→ Exercise
Quote exactly the lines from the one with "Some of the words" to the end of the data, both included; omit the pictures.

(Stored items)
►

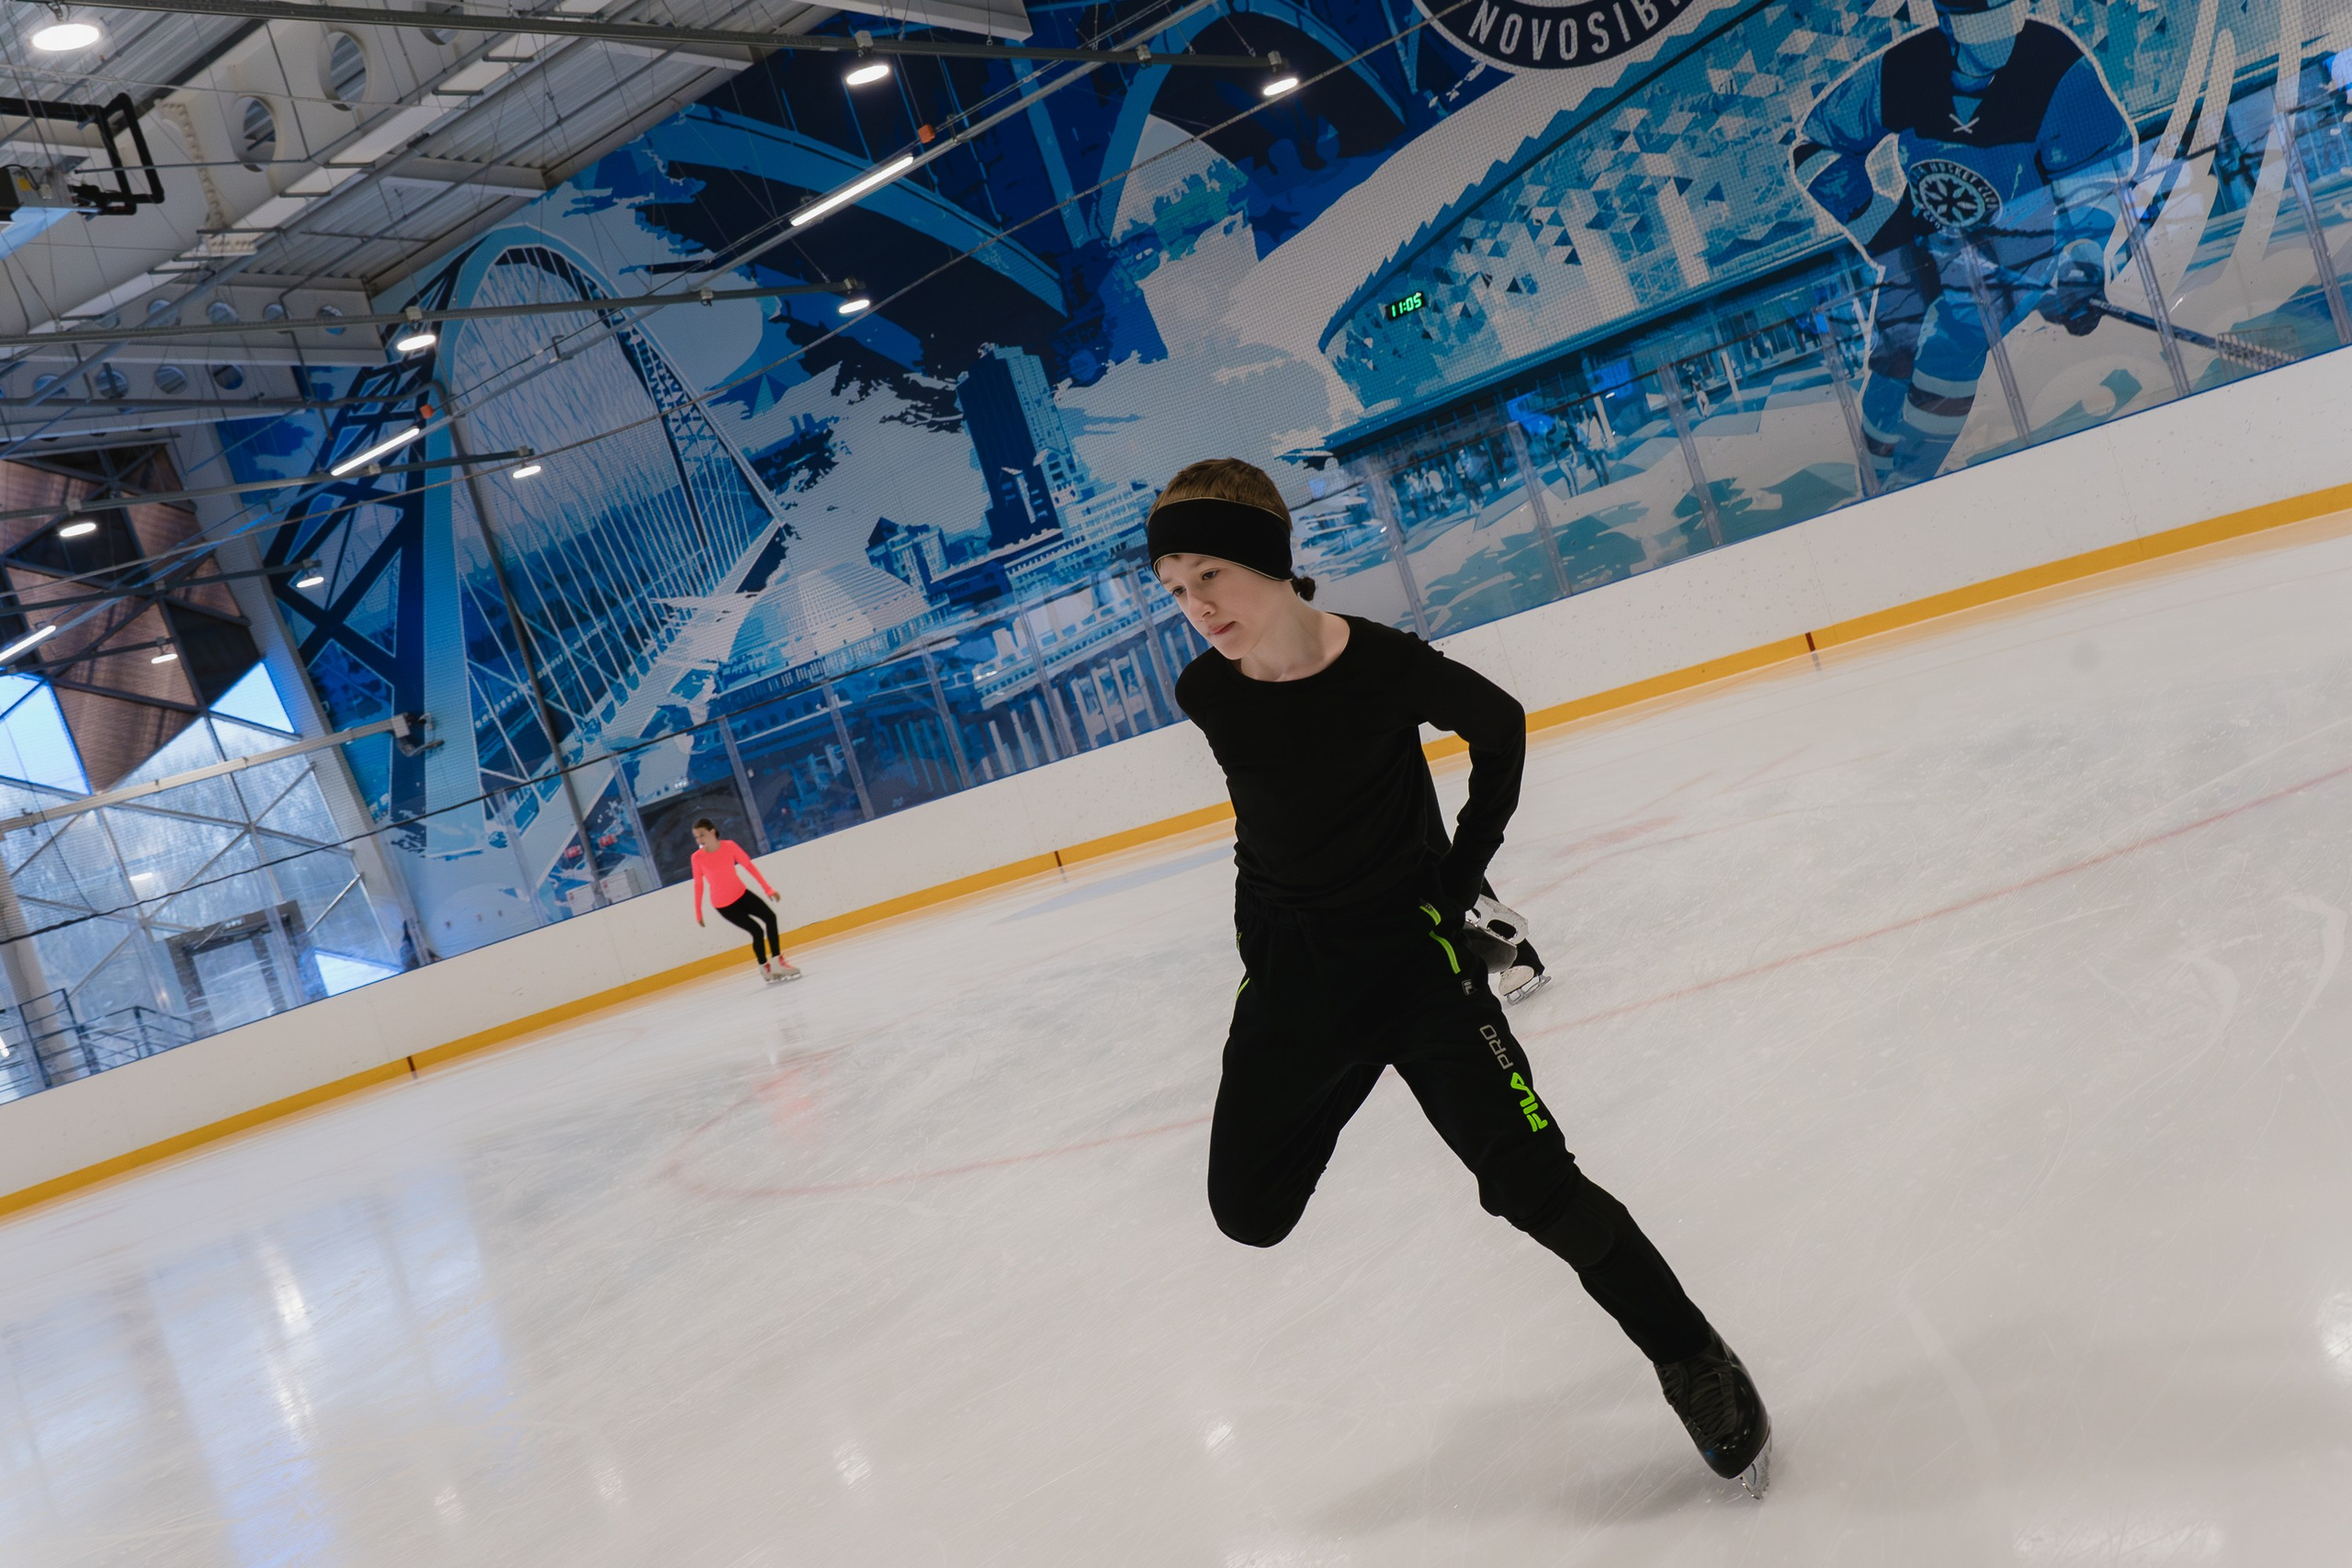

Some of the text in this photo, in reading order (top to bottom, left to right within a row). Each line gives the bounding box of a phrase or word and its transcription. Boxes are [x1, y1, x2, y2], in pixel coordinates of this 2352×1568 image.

[1468, 0, 1680, 61] NOVOSIB
[1391, 292, 1422, 318] 11:05
[1479, 1024, 1548, 1133] FILA PRO
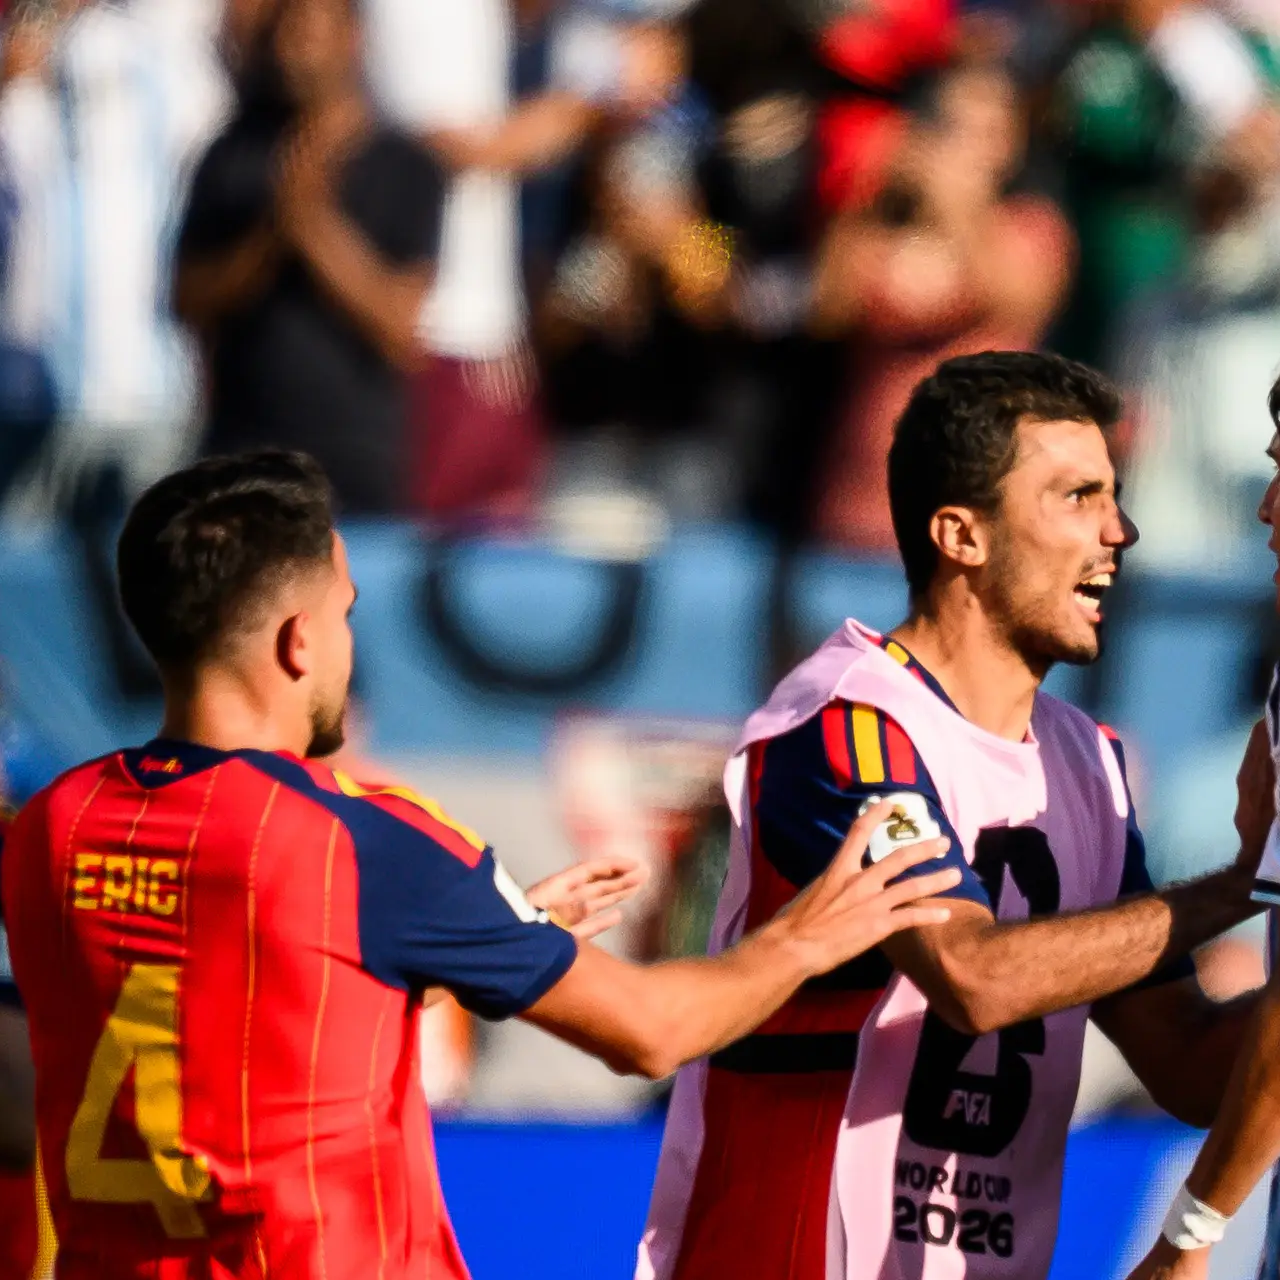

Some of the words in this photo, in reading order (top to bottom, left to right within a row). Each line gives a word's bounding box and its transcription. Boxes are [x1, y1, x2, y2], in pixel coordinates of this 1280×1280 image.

[73, 852, 179, 916] ERIC
[64, 962, 214, 1241] 4
[941, 1087, 993, 1127] FIFA
[893, 1195, 1015, 1259] 2026
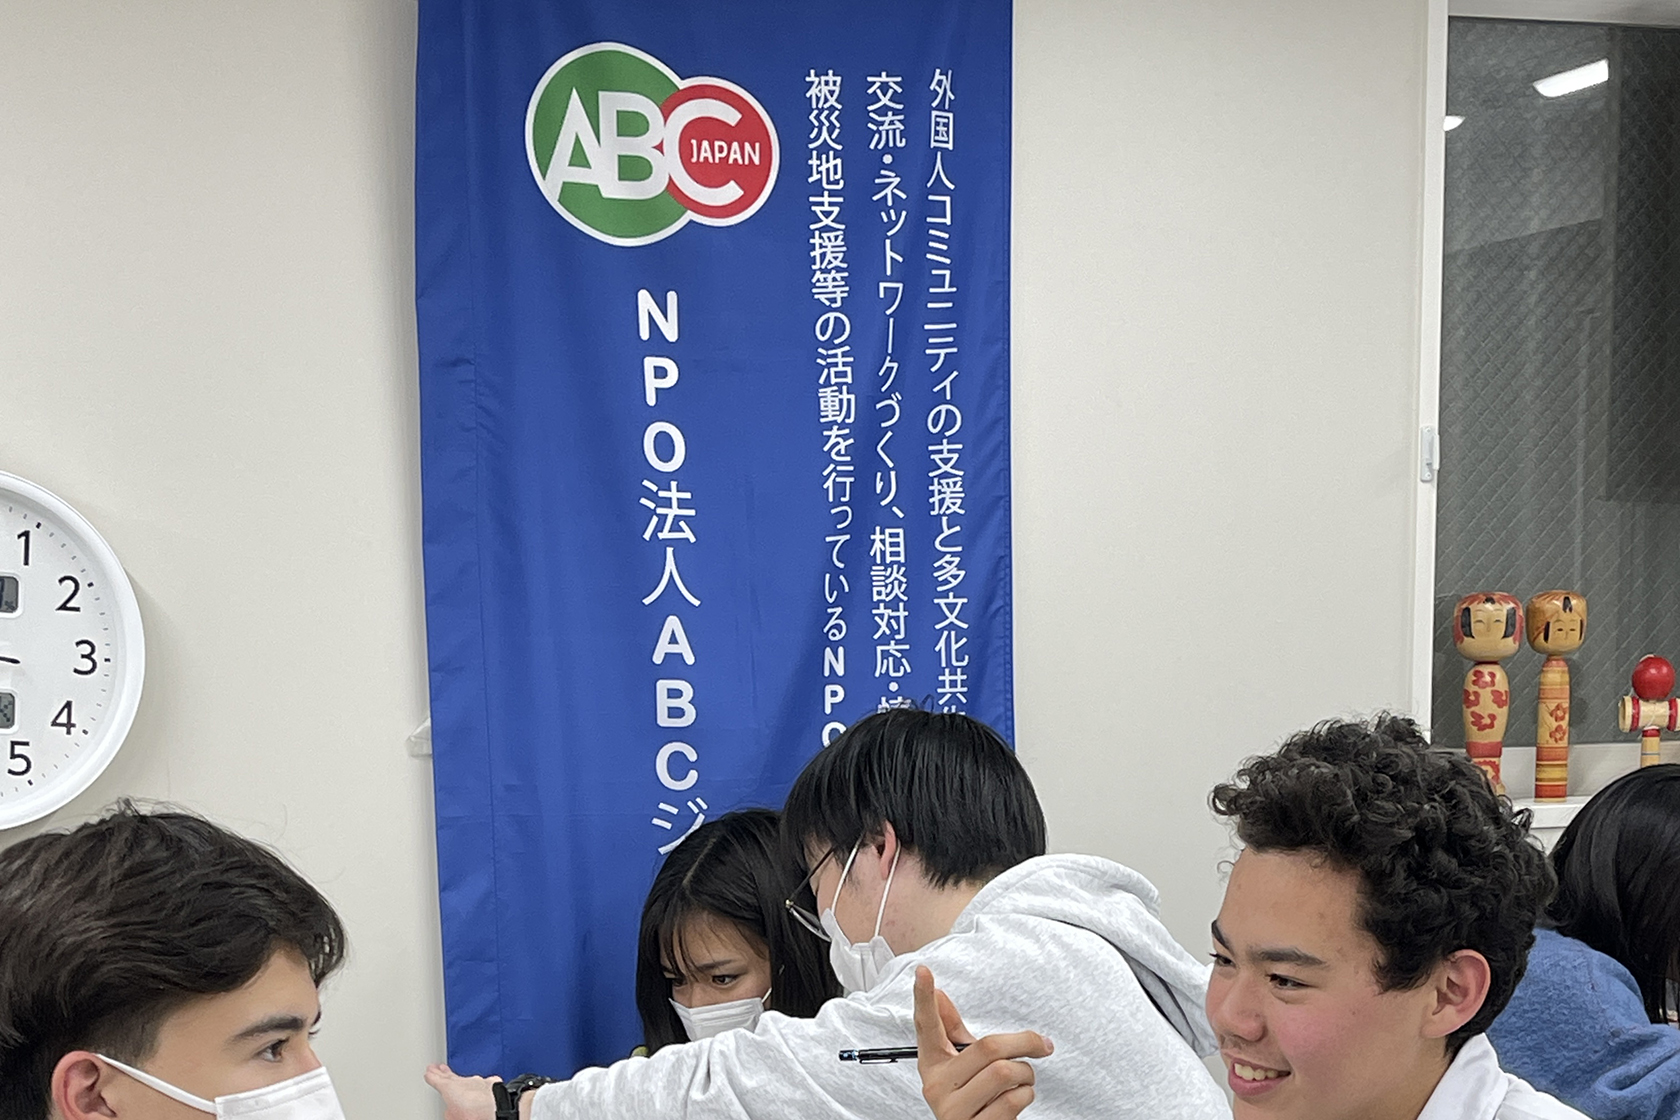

◄

→ Output
Some of the words in this photo, in reading order (top to bottom, left to right within a row). Each line gives a word's bounding box and its transcription. Boxes are [x1, y1, x2, y2], in pixel coordinates of this 1280×1280 image.

[73, 852, 179, 916] ERIC
[64, 962, 214, 1241] 4
[941, 1087, 993, 1127] FIFA
[893, 1195, 1015, 1259] 2026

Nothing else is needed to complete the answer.